【日曜講座 少子高齢時代】

河合雅司(産経新聞 論説委員)



3割が交際望まない


 厚生労働省の人口動態統計の確定値によると、2015年の婚姻件数は63万5156組で戦後最少となった。

 婚外子の少ない日本は結婚と出産とが深く結びついており、婚姻件数の落ち込みは出生数の減少に直結する。

 ところが、「結婚すれば子供が生まれる」という“常識”が過去のものとなってきたようだ。

 国立社会保障・人口問題研究所の「第15回出生動向基本調査」(2015年)の夫婦調査によれば、完結出生児数(夫婦の最終的な平均出生子供数)も過去最少の1・94人であった。5年前の前回調査で初めて2人を下回ったが、歯止めがかかっていない。
 これらの数値以上に深刻なのが、恋人のいない若者の急増である。第15回出生動向基本調査の独身者調査で、交際相手のいない未婚者(18~34歳)が男性で69・8%、女性は59・1%に上った。極めて高い水準である。前回調査と比べて男女とも10ポイント近い伸びであった。
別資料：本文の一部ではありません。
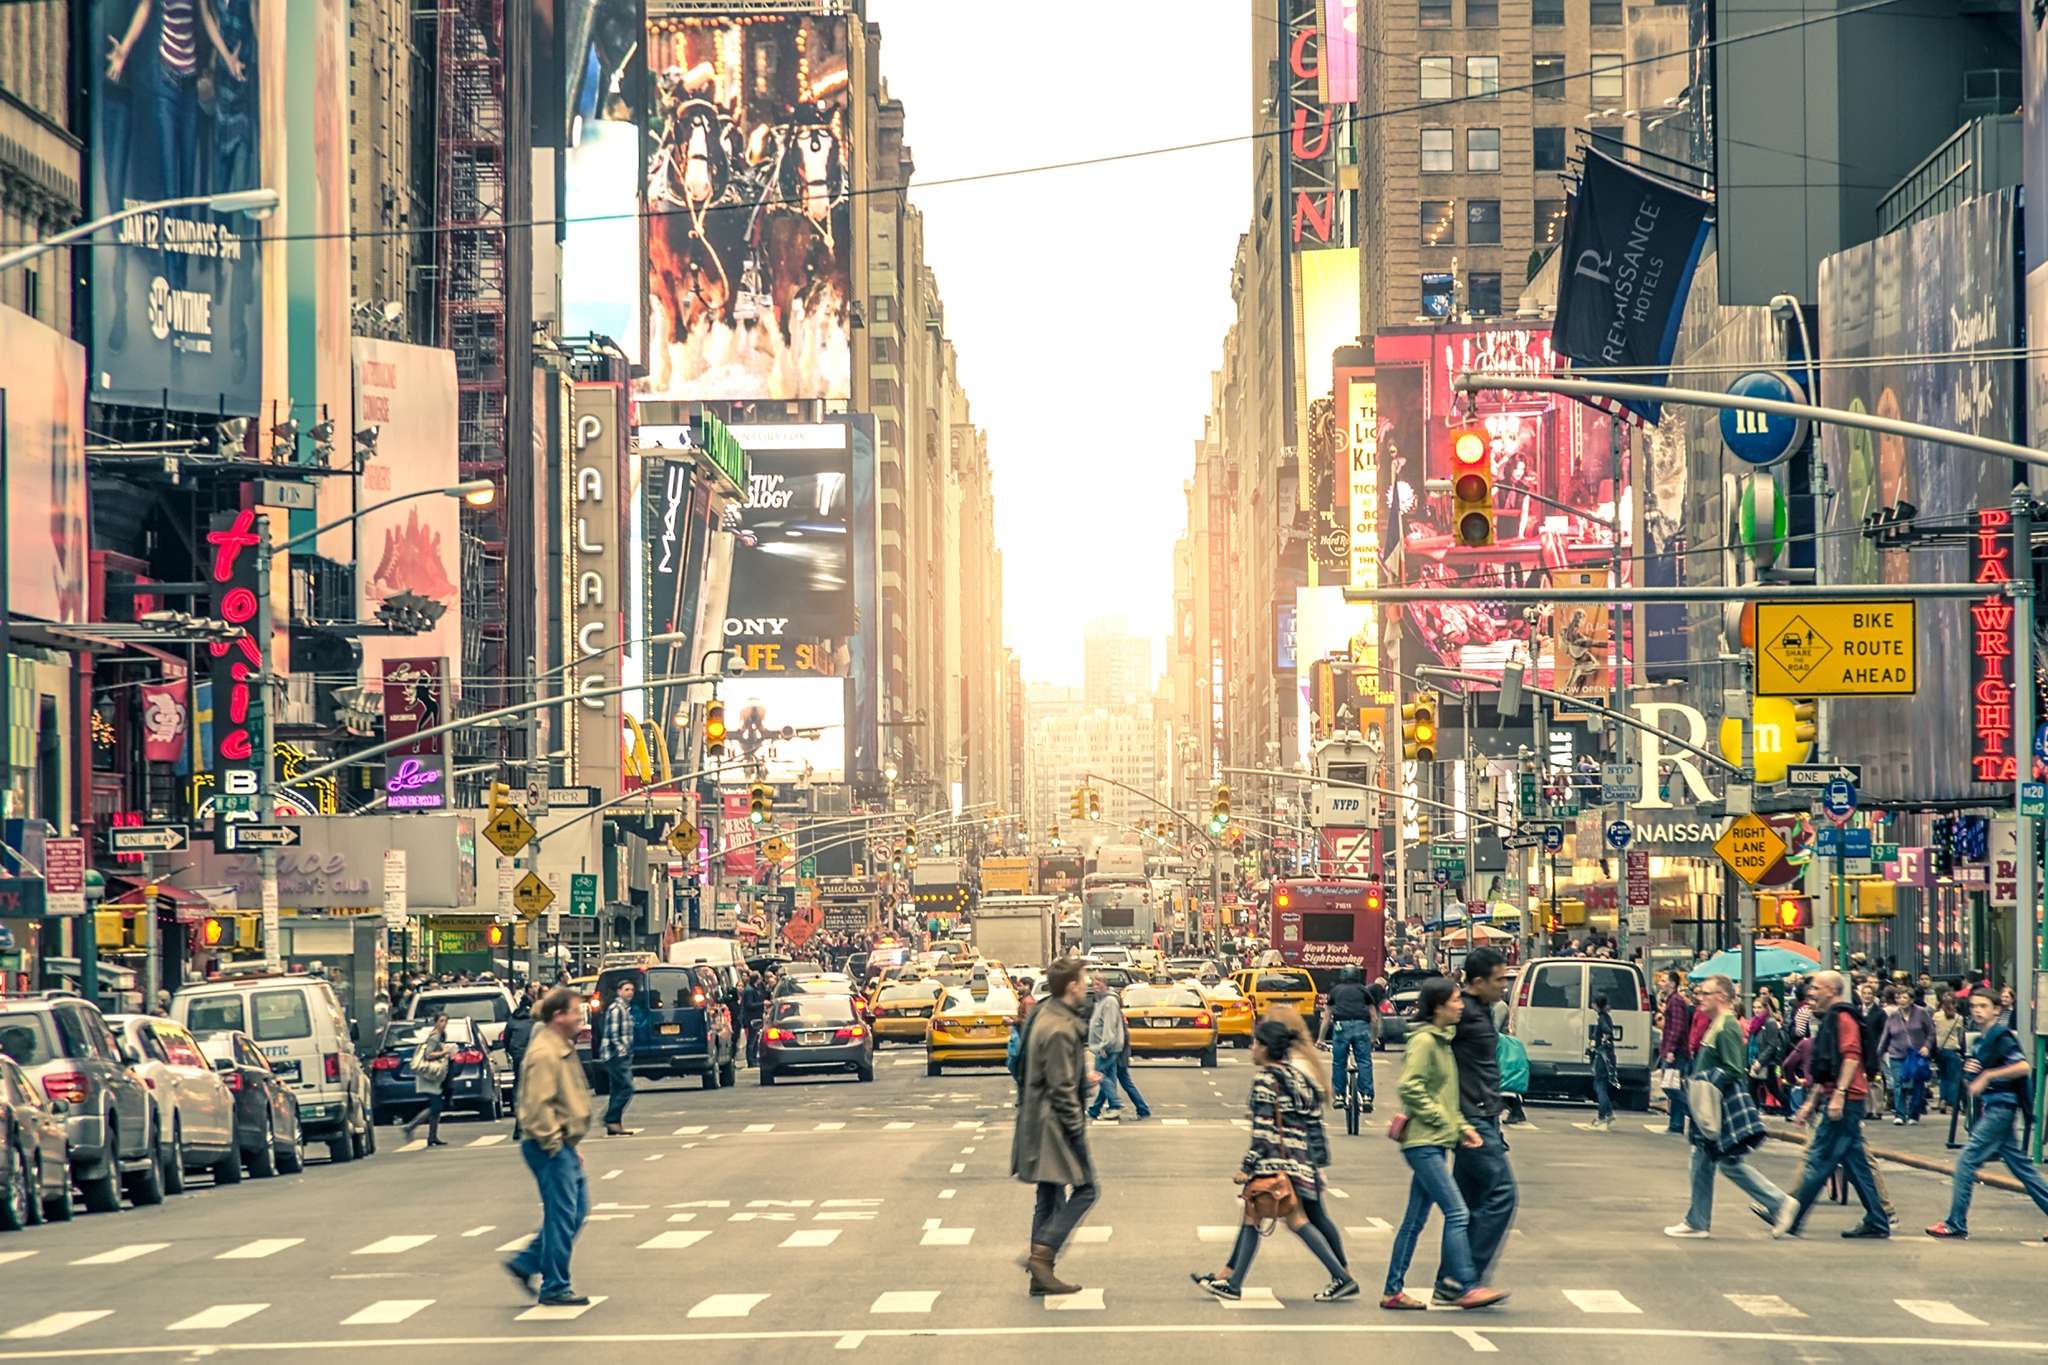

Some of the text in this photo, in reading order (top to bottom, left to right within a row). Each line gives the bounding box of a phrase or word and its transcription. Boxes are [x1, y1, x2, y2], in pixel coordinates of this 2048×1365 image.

 「とくに交際を望んでいない」と回答した人も、男性は未婚者全体の30・2%、女性は25・9%に及んでいる。出会いがなければ、結婚や子育て支援どころでない。

「恋愛が面倒くさい」


 なぜ、若者は恋愛をしなくなったのか。社会学者などは「インターネットの普及で情報過多になり、恋愛というプロセスそのものに関心をなくした」と分析する。
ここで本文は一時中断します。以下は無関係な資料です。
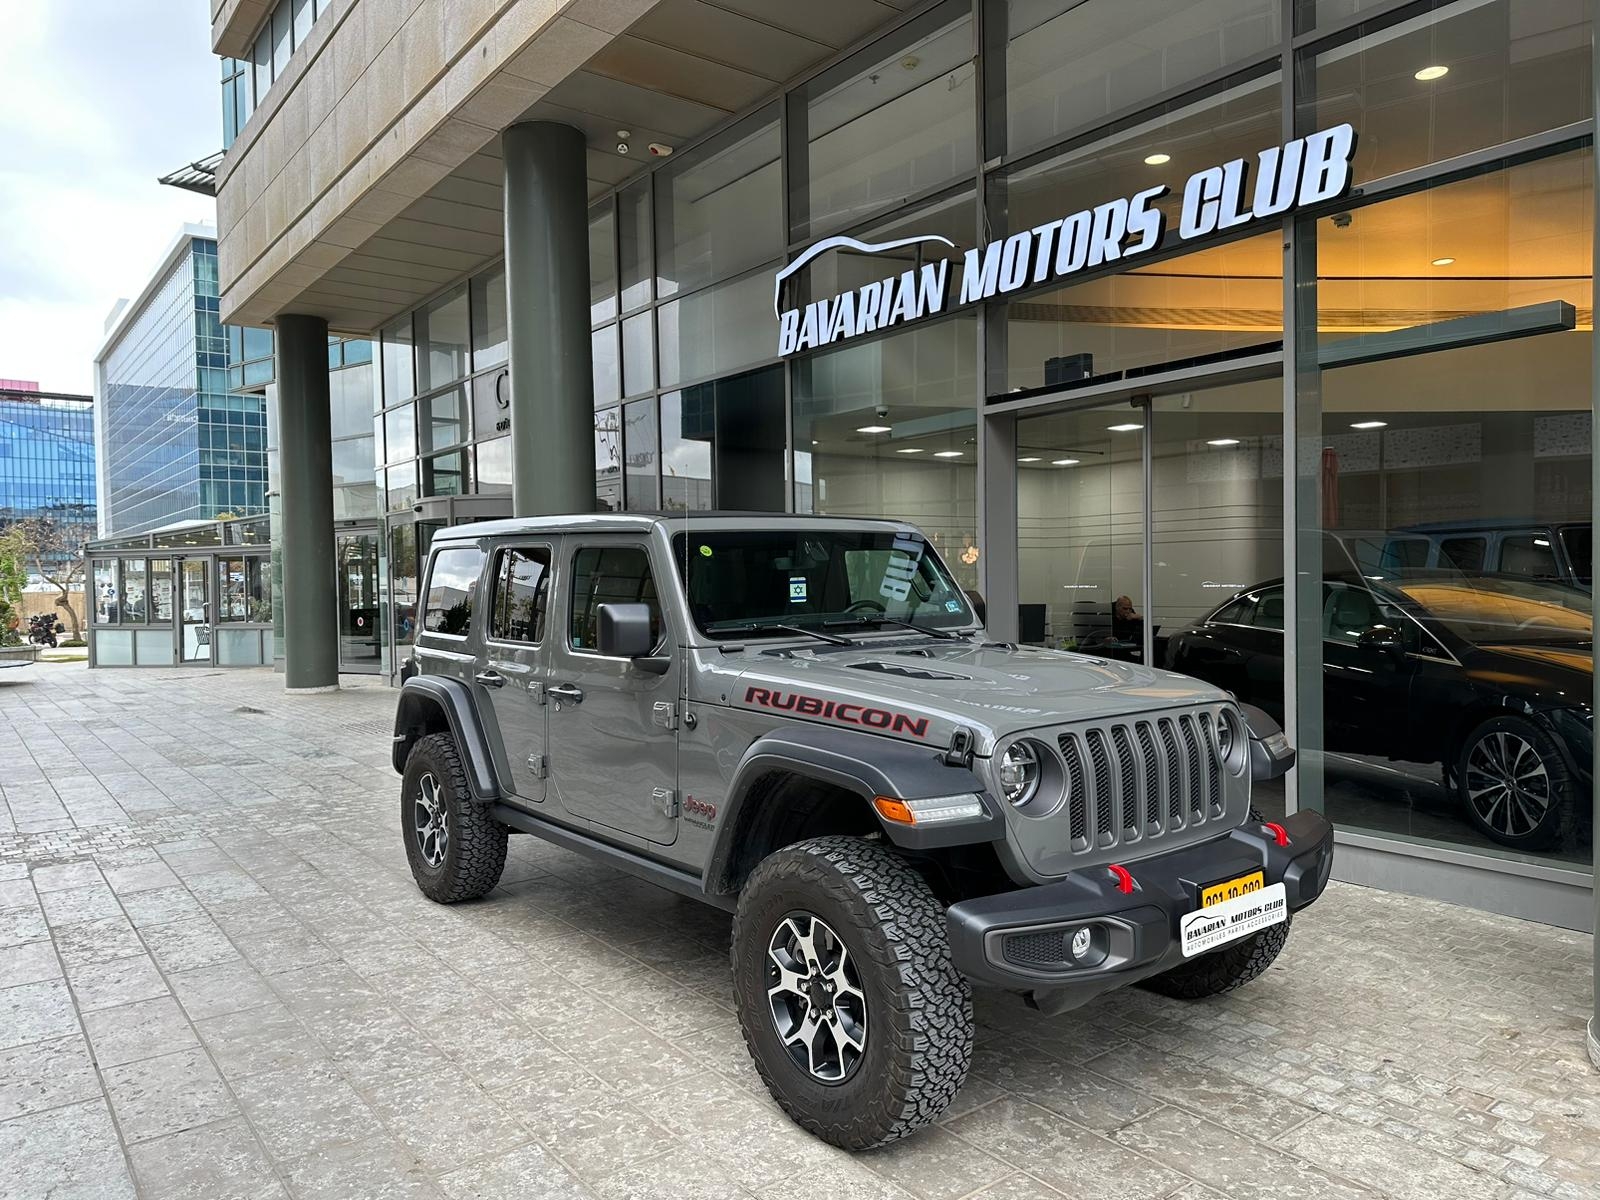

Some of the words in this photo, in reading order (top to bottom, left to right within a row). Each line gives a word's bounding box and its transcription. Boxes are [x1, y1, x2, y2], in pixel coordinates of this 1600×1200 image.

[777, 257, 950, 358] BAVARIAN
[959, 184, 1167, 305] MOTORS
[1179, 122, 1355, 240] CLUB
[745, 686, 930, 738] RUBICON
[683, 793, 717, 822] Jeep
[1187, 919, 1227, 941] BAVARIAN
[1231, 905, 1263, 924] MOTORS
[1264, 898, 1284, 912] CLUB
 内閣府の「結婚・家族形成に関する意識調査(2013年度)」によれば、「恋愛が面倒」が男性47・3%、女性45・0%だ。「恋愛に興味がない」との回答も男性25・3%、女性30・7%だった。

 交際上の不安については、男女とも3人に1人が「自分には魅力がない」と思っており、女性の24・9%は恋愛感情を抱けるか悩んでいる。